Task data:
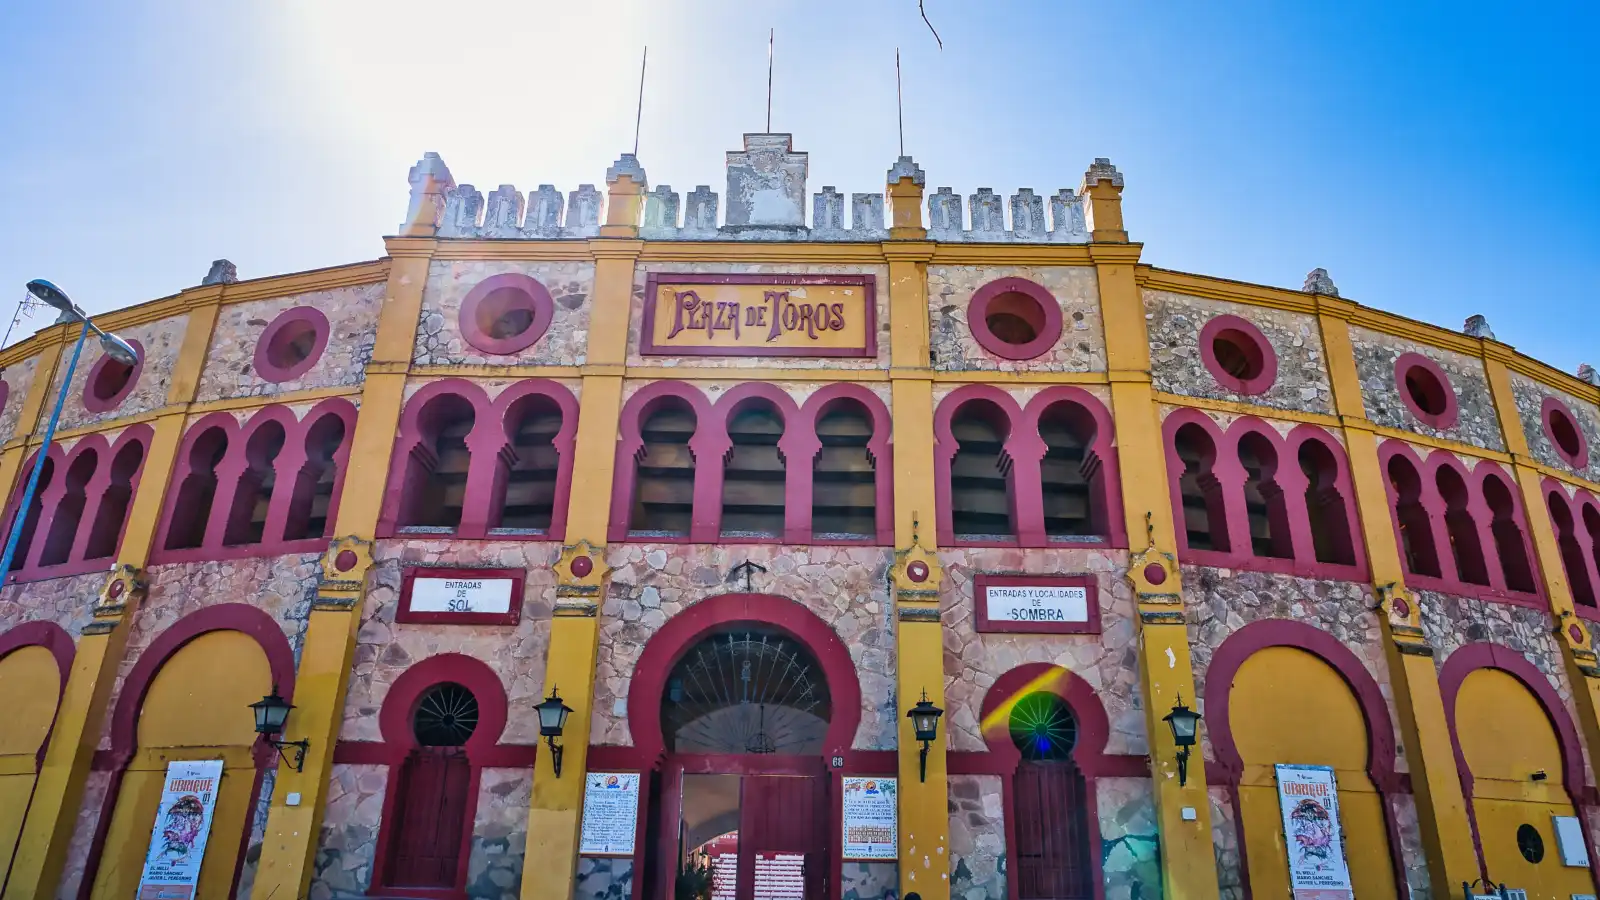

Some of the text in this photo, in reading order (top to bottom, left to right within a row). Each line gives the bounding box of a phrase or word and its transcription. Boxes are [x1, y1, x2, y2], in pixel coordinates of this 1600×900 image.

[667, 290, 845, 342] PLAZA DE TOROS
[444, 581, 482, 589] ENTRADAS
[456, 590, 467, 598] DE
[989, 589, 1084, 599] ENTRADAS Y LOCALIDADES
[447, 599, 473, 612] SOL
[1032, 599, 1042, 607] DE
[832, 756, 843, 767] 68
[170, 779, 213, 793] UBRIQUE
[1283, 782, 1329, 798] UBRIQUE
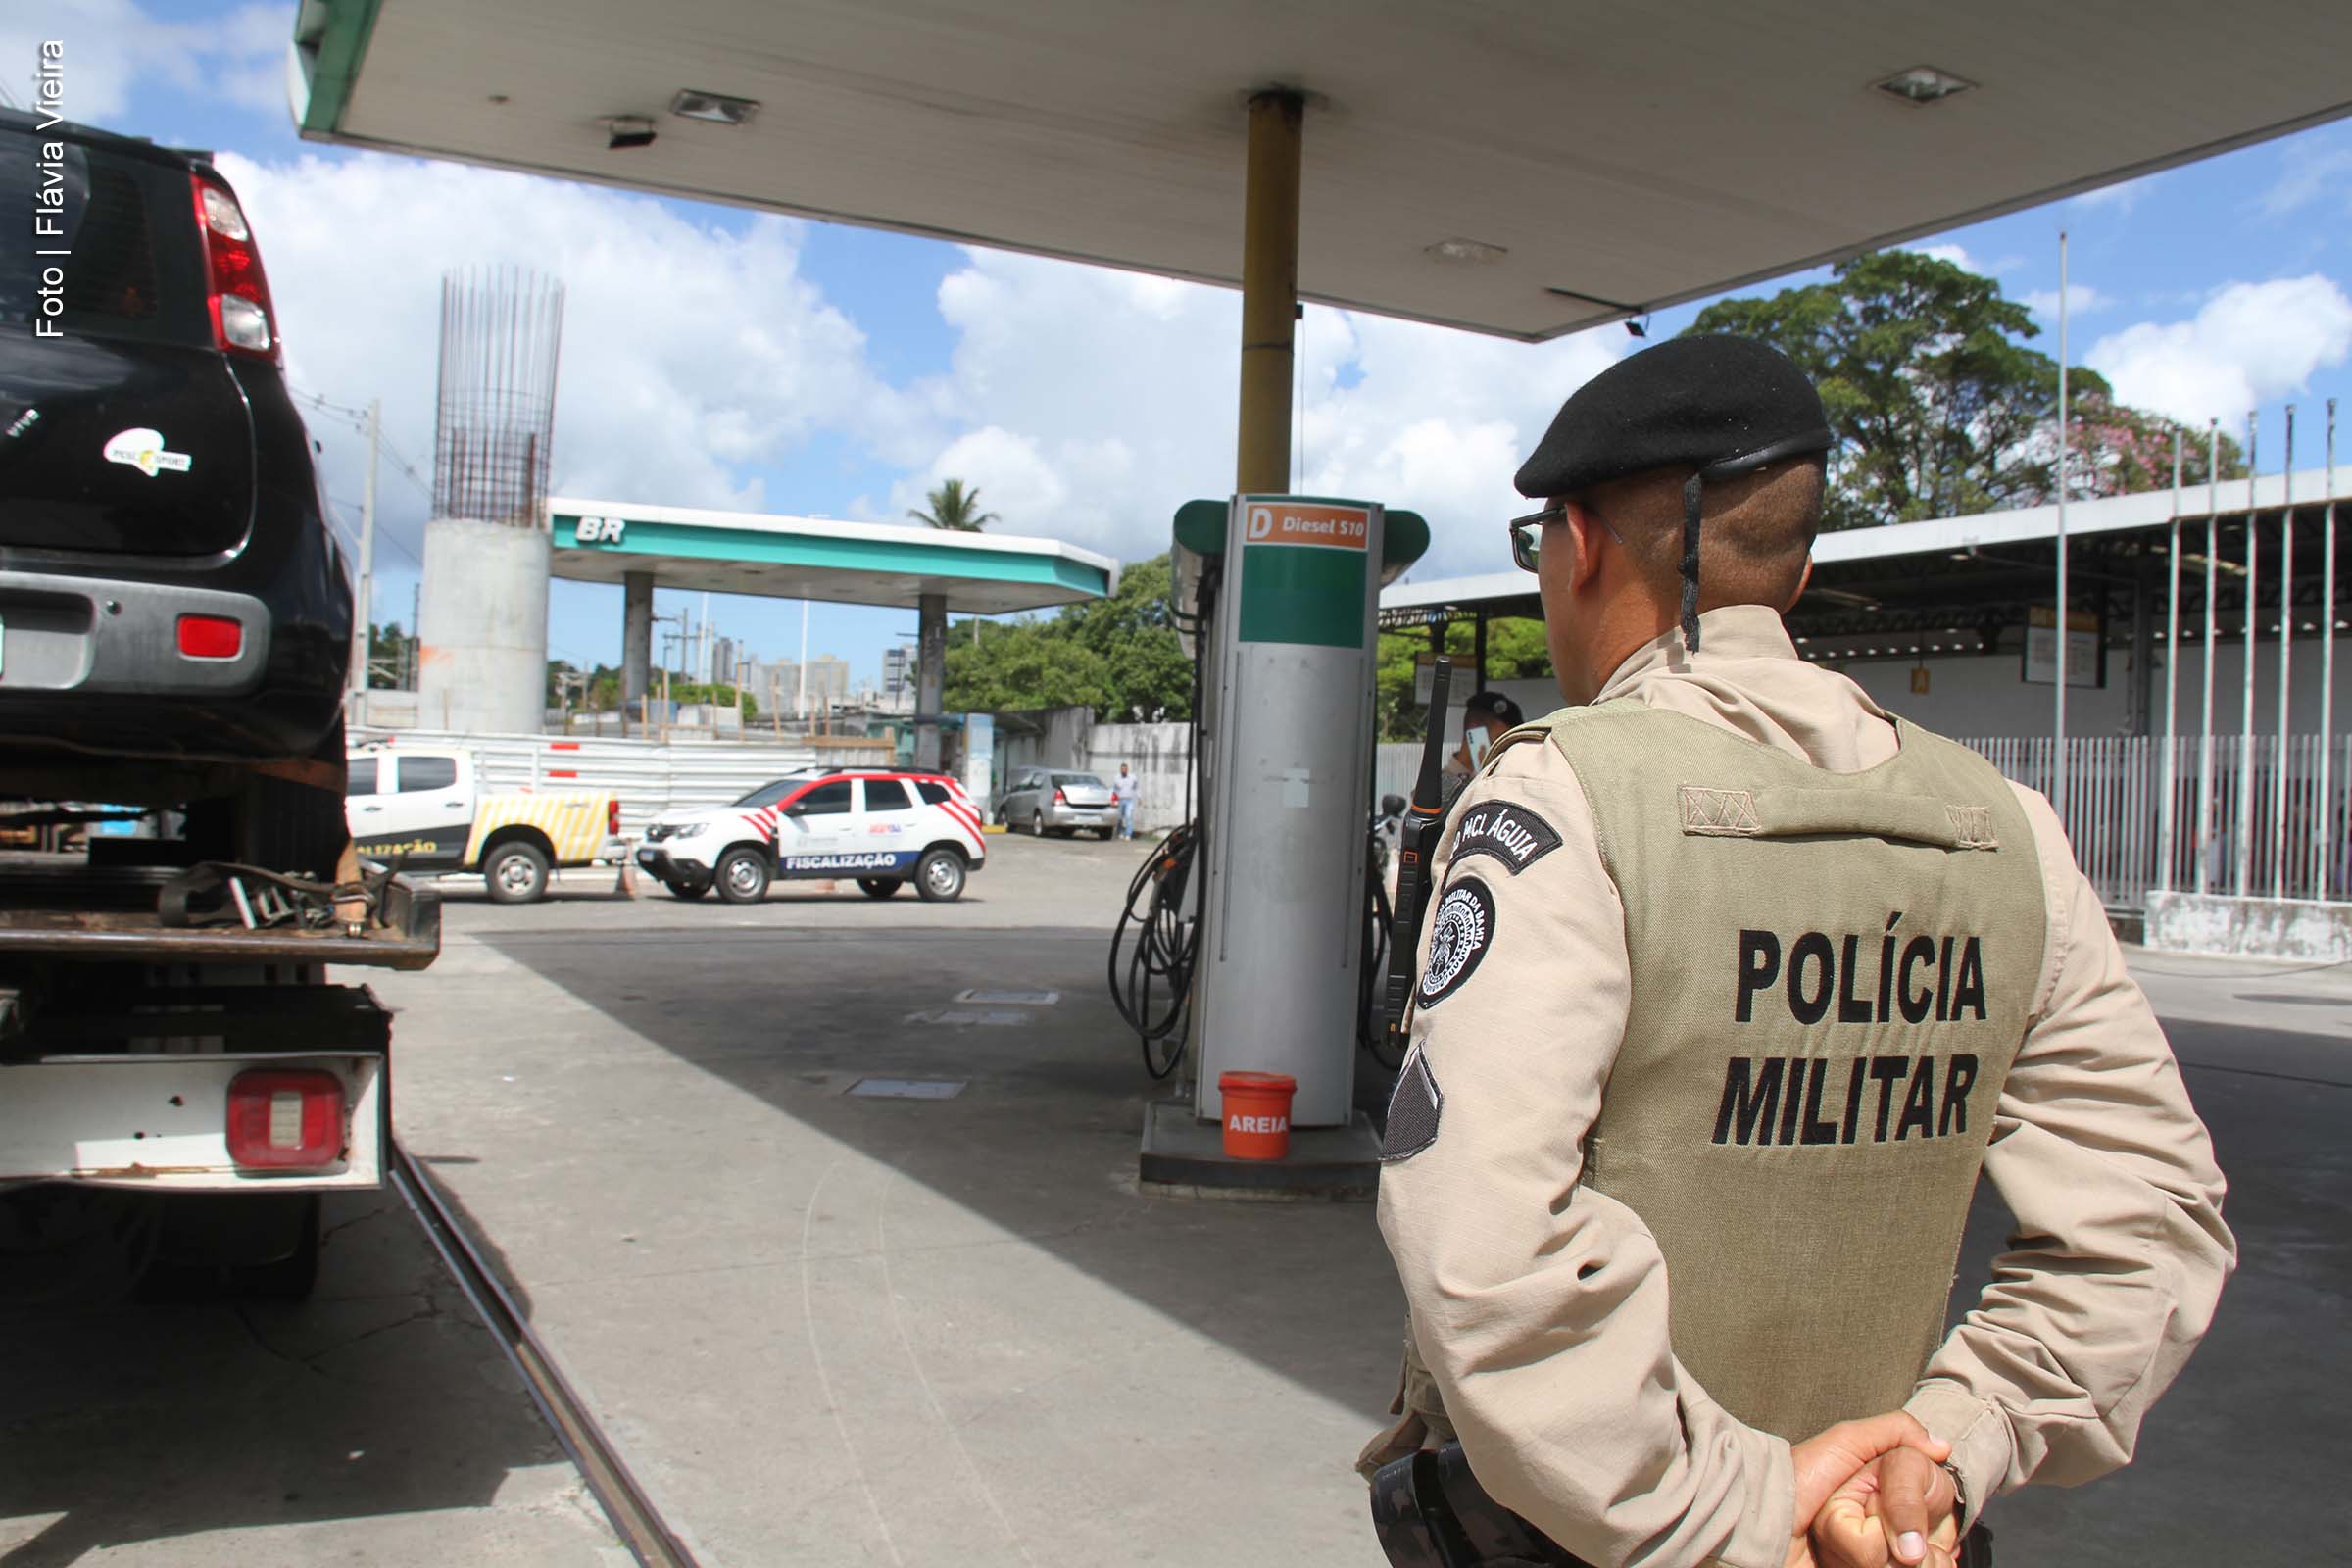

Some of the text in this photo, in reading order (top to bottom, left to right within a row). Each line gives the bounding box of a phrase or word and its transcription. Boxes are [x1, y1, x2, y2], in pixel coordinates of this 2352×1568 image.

[575, 516, 625, 543] BR
[1250, 508, 1364, 539] D Diesel S10
[1486, 808, 1538, 862] ÁGUIA
[786, 851, 896, 870] FISCALIZAÇÃO
[1471, 909, 1485, 950] BAHIA
[1735, 911, 1987, 1025] POLÍCIA
[1711, 1054, 1979, 1146] MILITAR
[1229, 1113, 1287, 1133] AREIA
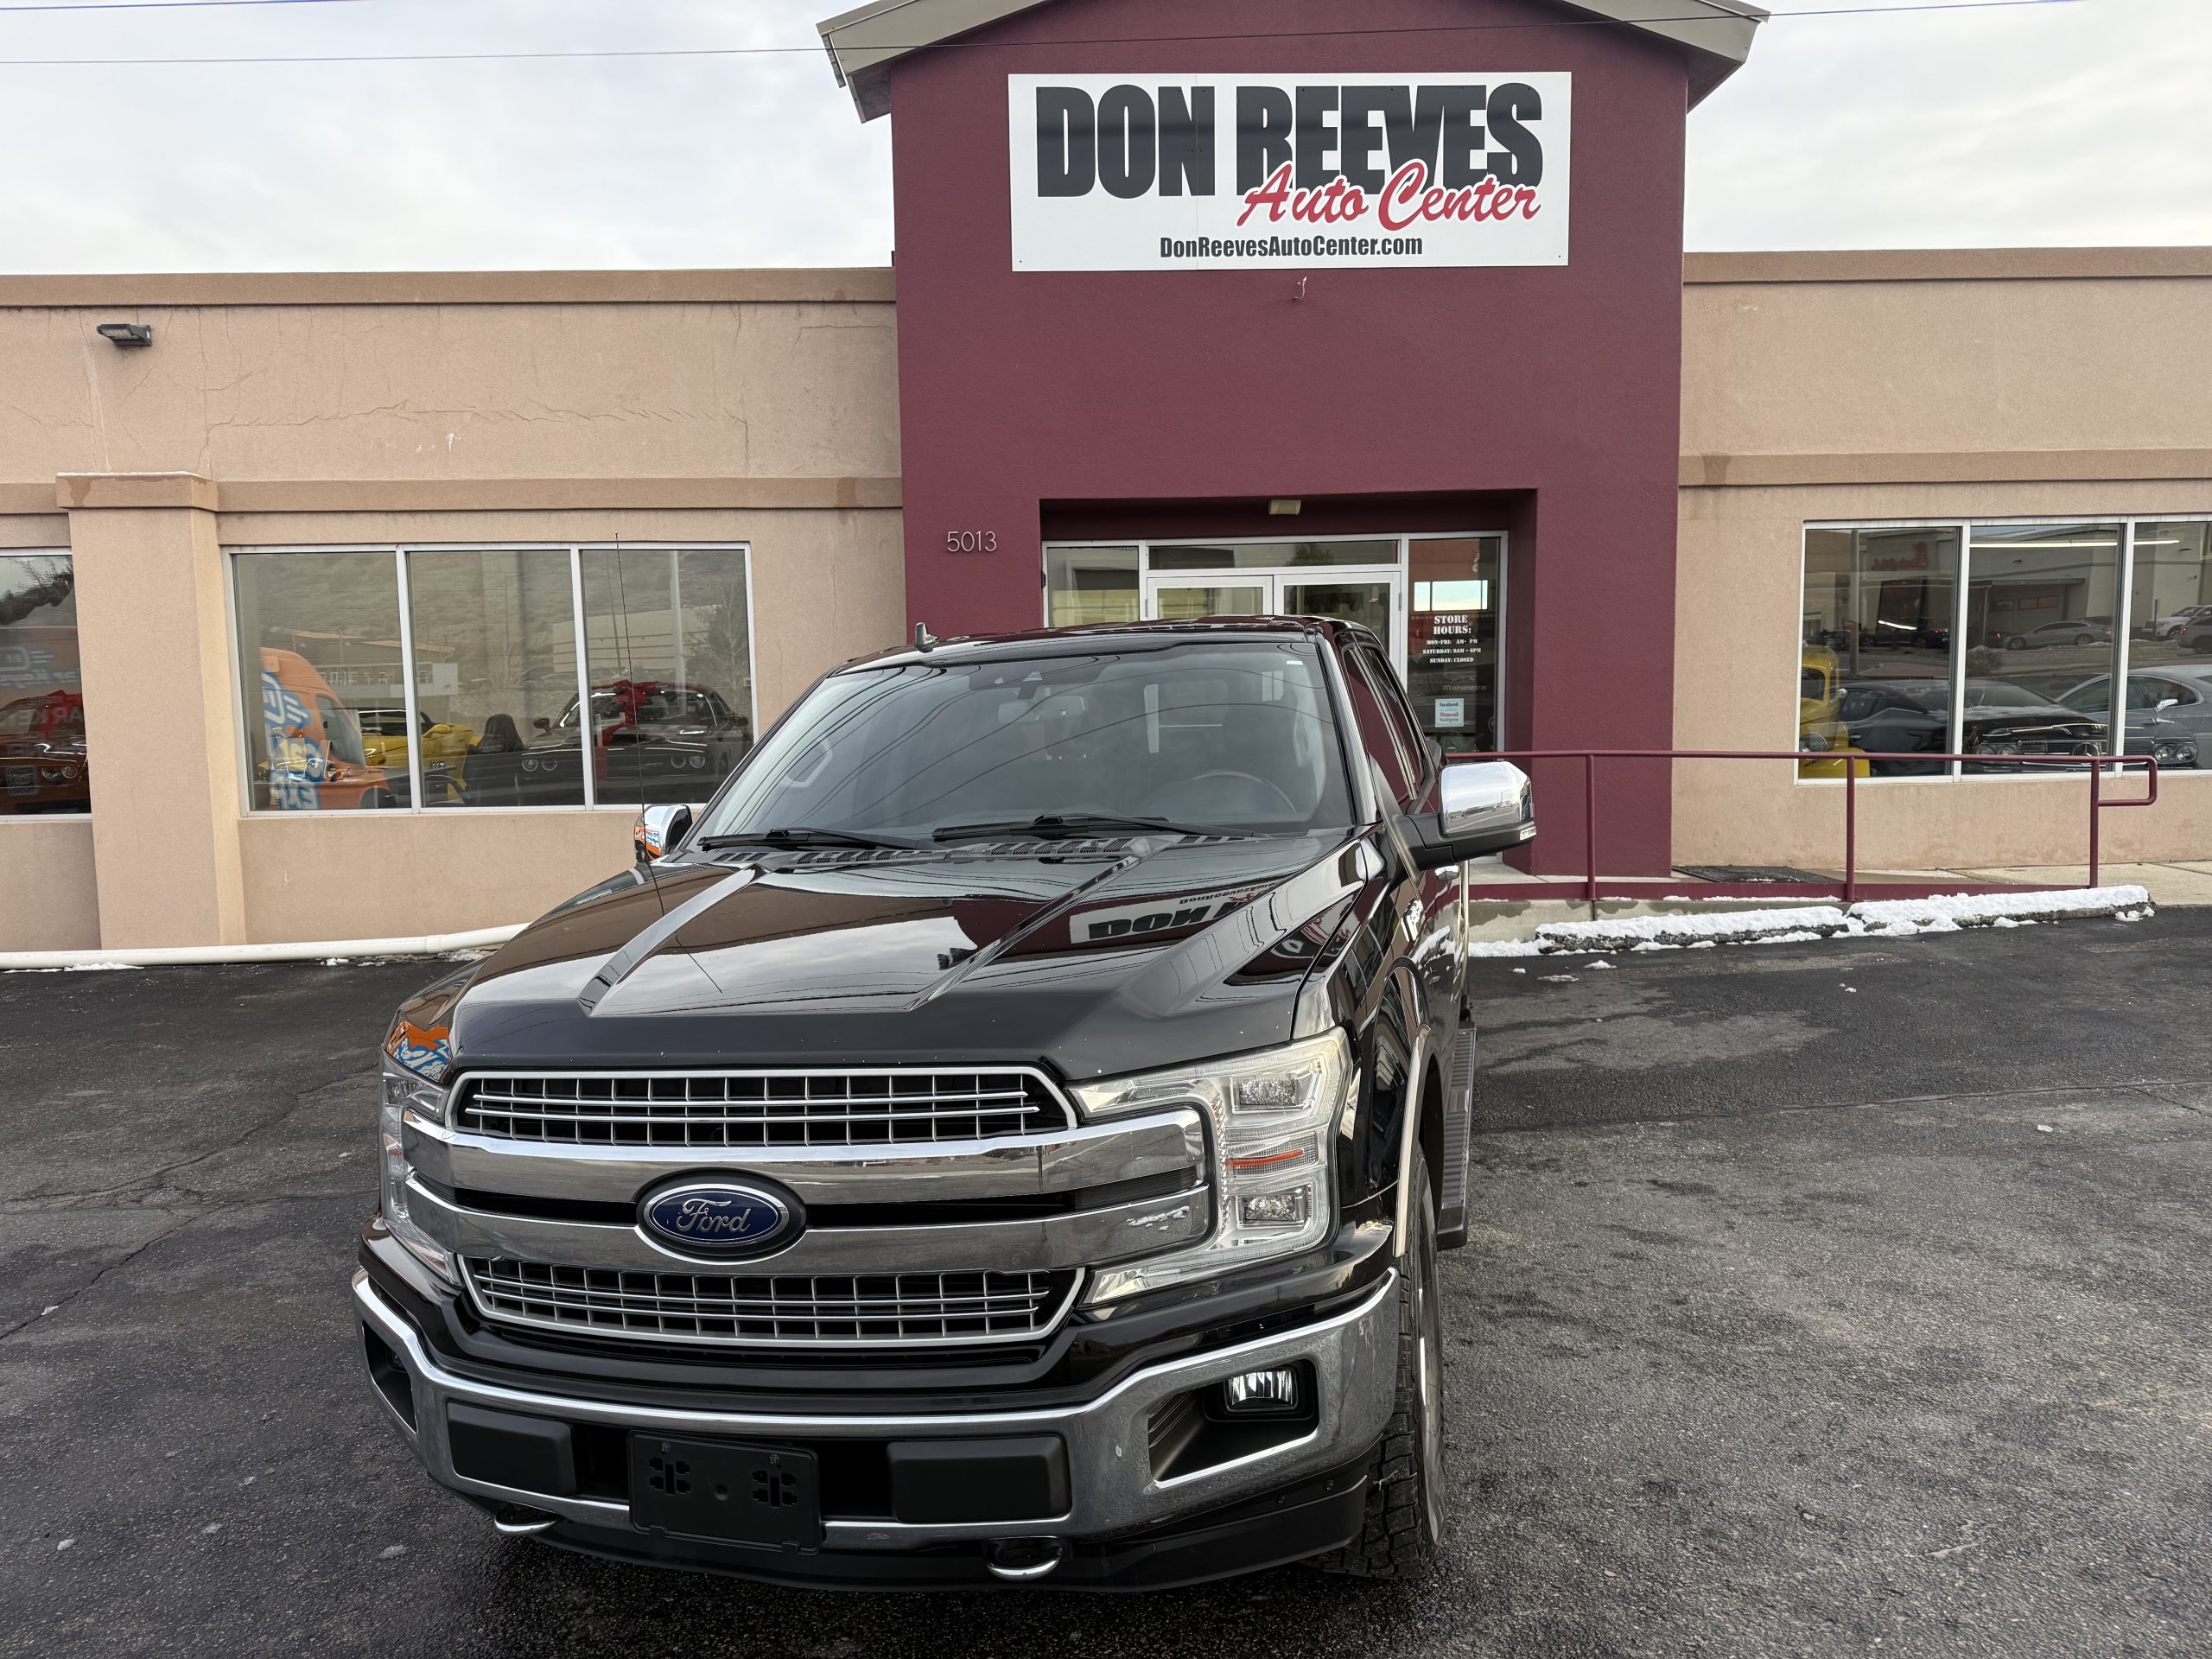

Your assignment: Copy out the records above in full, exactly as written, but not the pictures.

Answer:
Some of the text in this photo, in reading order (top to bottom, left to right within a row). Each line gives the bounding box of a phrase or word and its transcription. Boxes are [x1, y1, x2, y2], in pixel coordinates of this 1600×900 image.

[667, 290, 845, 342] PLAZA DE TOROS
[444, 581, 482, 589] ENTRADAS
[456, 590, 467, 598] DE
[989, 589, 1084, 599] ENTRADAS Y LOCALIDADES
[447, 599, 473, 612] SOL
[1032, 599, 1042, 607] DE
[832, 756, 843, 767] 68
[170, 779, 213, 793] UBRIQUE
[1283, 782, 1329, 798] UBRIQUE

Some of the text in this photo, in reading order (top to bottom, left to right within a row). Each line gives the bounding box of a phrase or word and its transcription. Boxes are [x1, y1, x2, y2], in pixel coordinates of this 2352×1568 image.

[575, 516, 625, 543] BR
[1250, 508, 1364, 539] D Diesel S10
[1486, 808, 1538, 862] ÁGUIA
[786, 851, 896, 870] FISCALIZAÇÃO
[1471, 909, 1485, 950] BAHIA
[1735, 911, 1987, 1025] POLÍCIA
[1711, 1054, 1979, 1146] MILITAR
[1229, 1113, 1287, 1133] AREIA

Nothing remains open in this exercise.